Un président chasse l’autre
Une blague architecturale faite par Barack Obama a-t-elle lancé Donald Trump dans la course à la présidence, finalement remportée contre toute attente en 2016 ? En tout cas, c’est ce que veut une analyse psychologisante de la soirée du 30 avril 2011.
Le président Obama avait alors ridiculisé Donald Trump devant le Tout-Washington au dîner des correspondants. Une de ses blagues les plus piquantes imaginait comment le magnat de l’immobilier new-yorkais au goût ostentatoire et bling-bling pourrait transformer la Maison-Blanche s’il s’y installait. Une image projetée montrait le siège de la présidence transformé en une sorte de Taj Mahal (le casino, pas le mausolée).

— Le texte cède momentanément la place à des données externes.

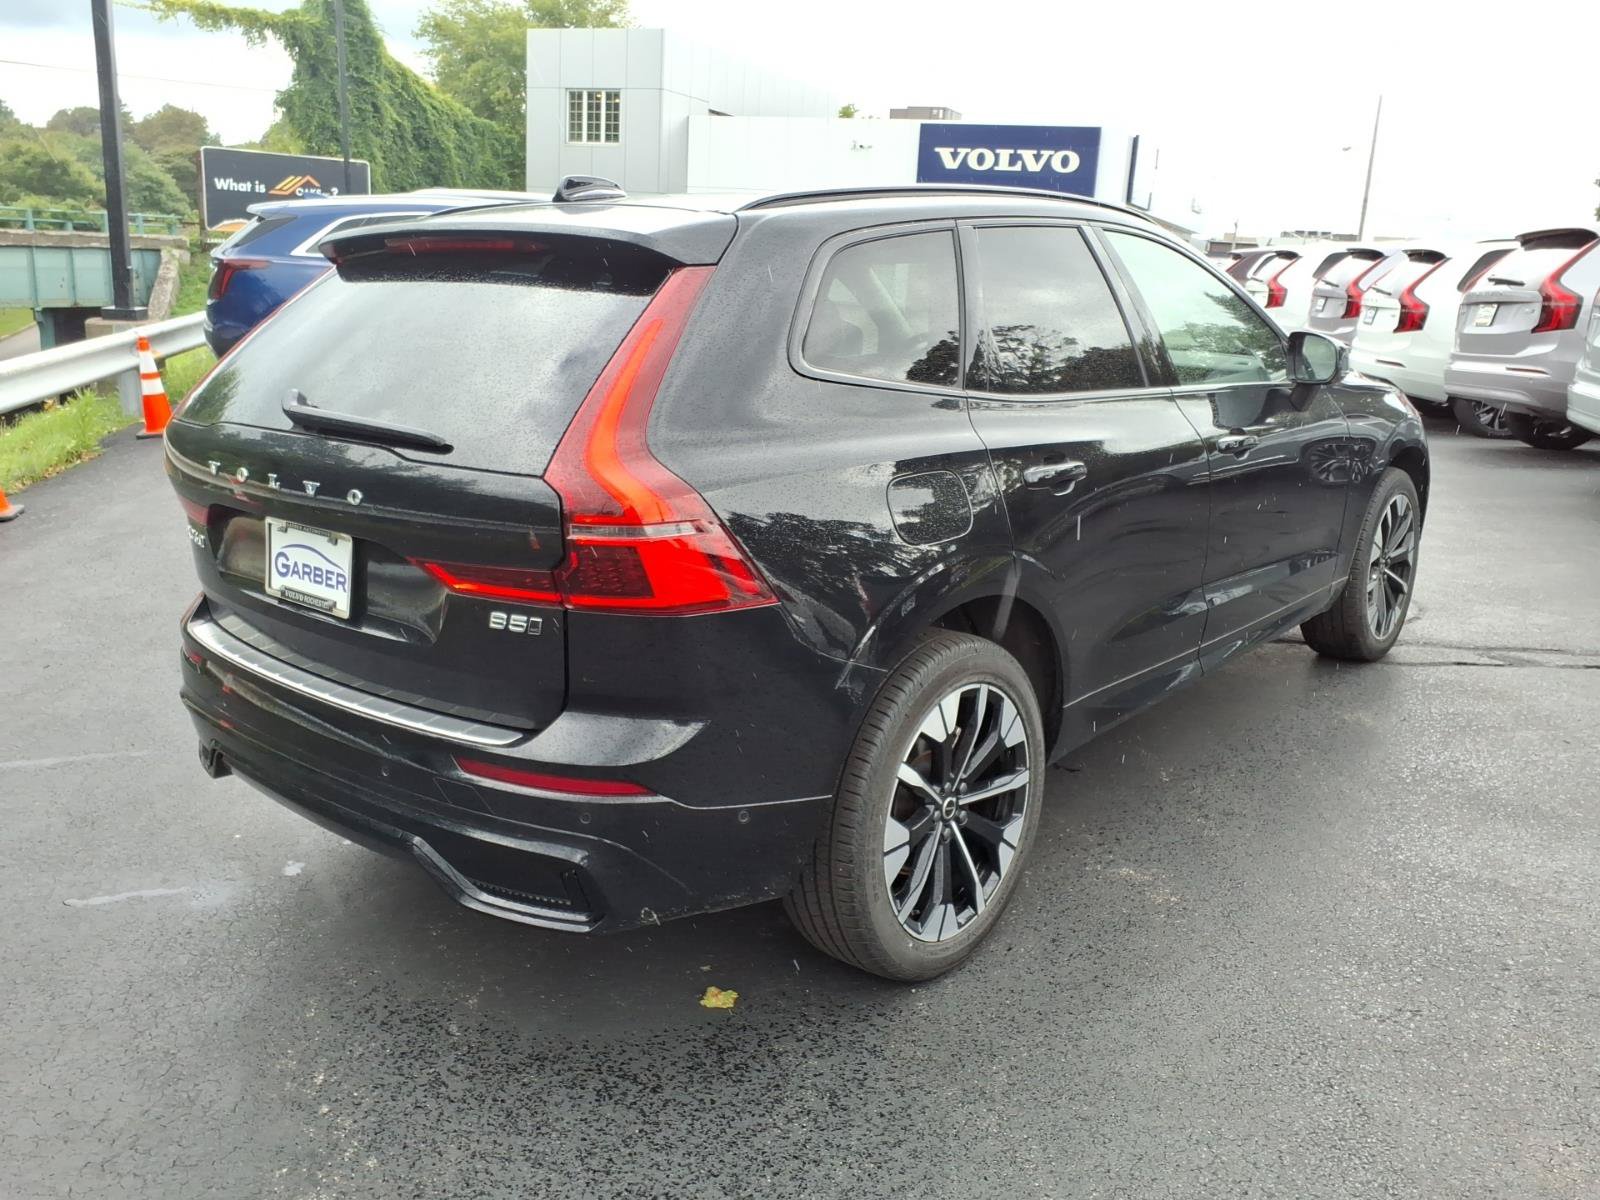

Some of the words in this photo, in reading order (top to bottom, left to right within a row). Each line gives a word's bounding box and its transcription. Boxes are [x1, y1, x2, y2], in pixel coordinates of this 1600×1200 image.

[934, 147, 1080, 174] VOLVO
[214, 177, 252, 193] What
[255, 180, 266, 194] is
[208, 460, 363, 506] VOLVO
[274, 551, 347, 593] GARBER
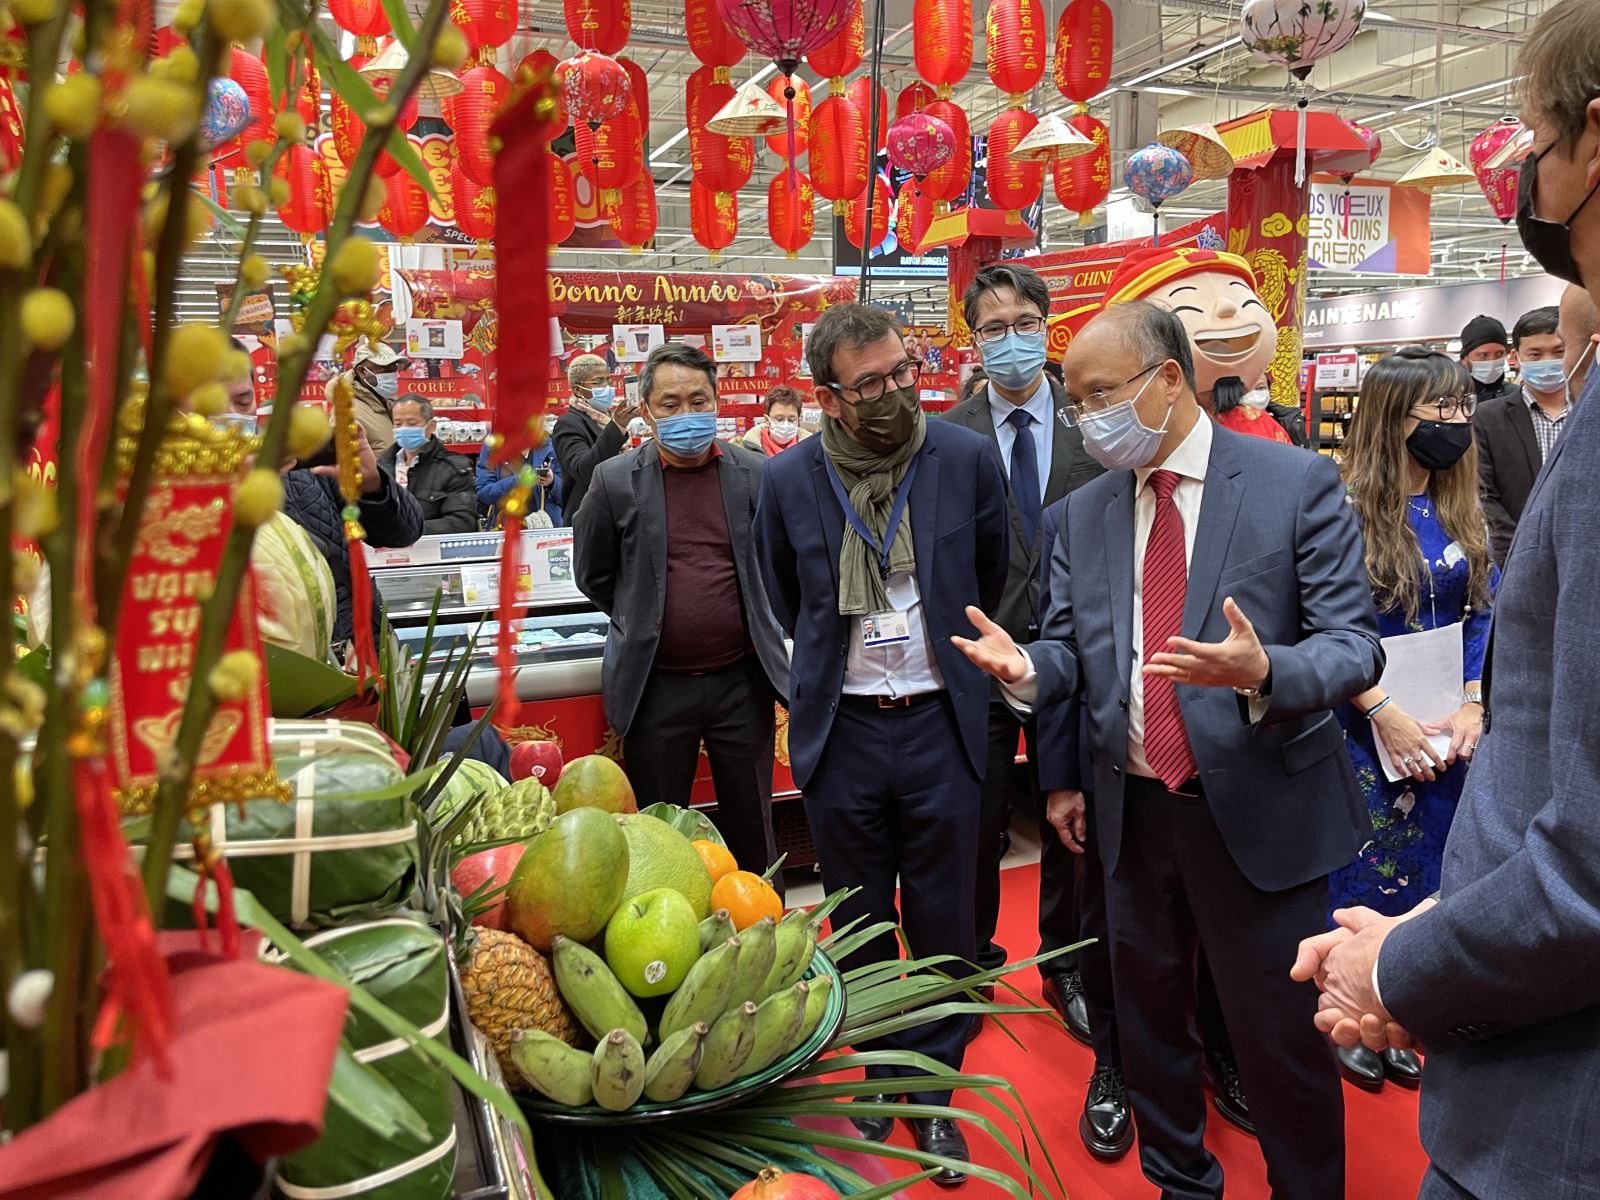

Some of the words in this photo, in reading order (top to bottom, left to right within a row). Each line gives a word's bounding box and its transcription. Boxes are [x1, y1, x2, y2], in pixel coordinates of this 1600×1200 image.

« Le public a hurlé, alors que Trump était assis en silence, forçant un sourire tiède, écrit Barack Obama dans Promised Land, premier tome de ses mémoires présidentiels lancé récemment. Je ne pouvais pas commencer à deviner ce qui lui filait par la tête pendant les quelques minutes que j’ai passées à le cogner publiquement. Ce que je savais, c’est qu’il incarnait le spectacle, et aux États-Unis d’Amérique en 2011, c’était une forme de pouvoir. […] Les mêmes journalistes qui se moquaient de mes blagues continueraient de lui accorder du temps d’antenne. »
Barack Obama voulait ainsi remettre la monnaie de sa vilaine pièce à Donald Trump, qui avait passé les mois précédents à alimenter férocement la théorie complotiste et raciste dite du « birtherism » voulant que le premier président noir ne soit pas né aux États-Unis (ce qui l’aurait rendu inéligible). Sa contre-attaque a vite fait le tour du monde et peut-être effectivement décidé Donald Trump à se lancer en politique active pour répliquer à son tour en défaisant au maximum l’héritage d’Obama.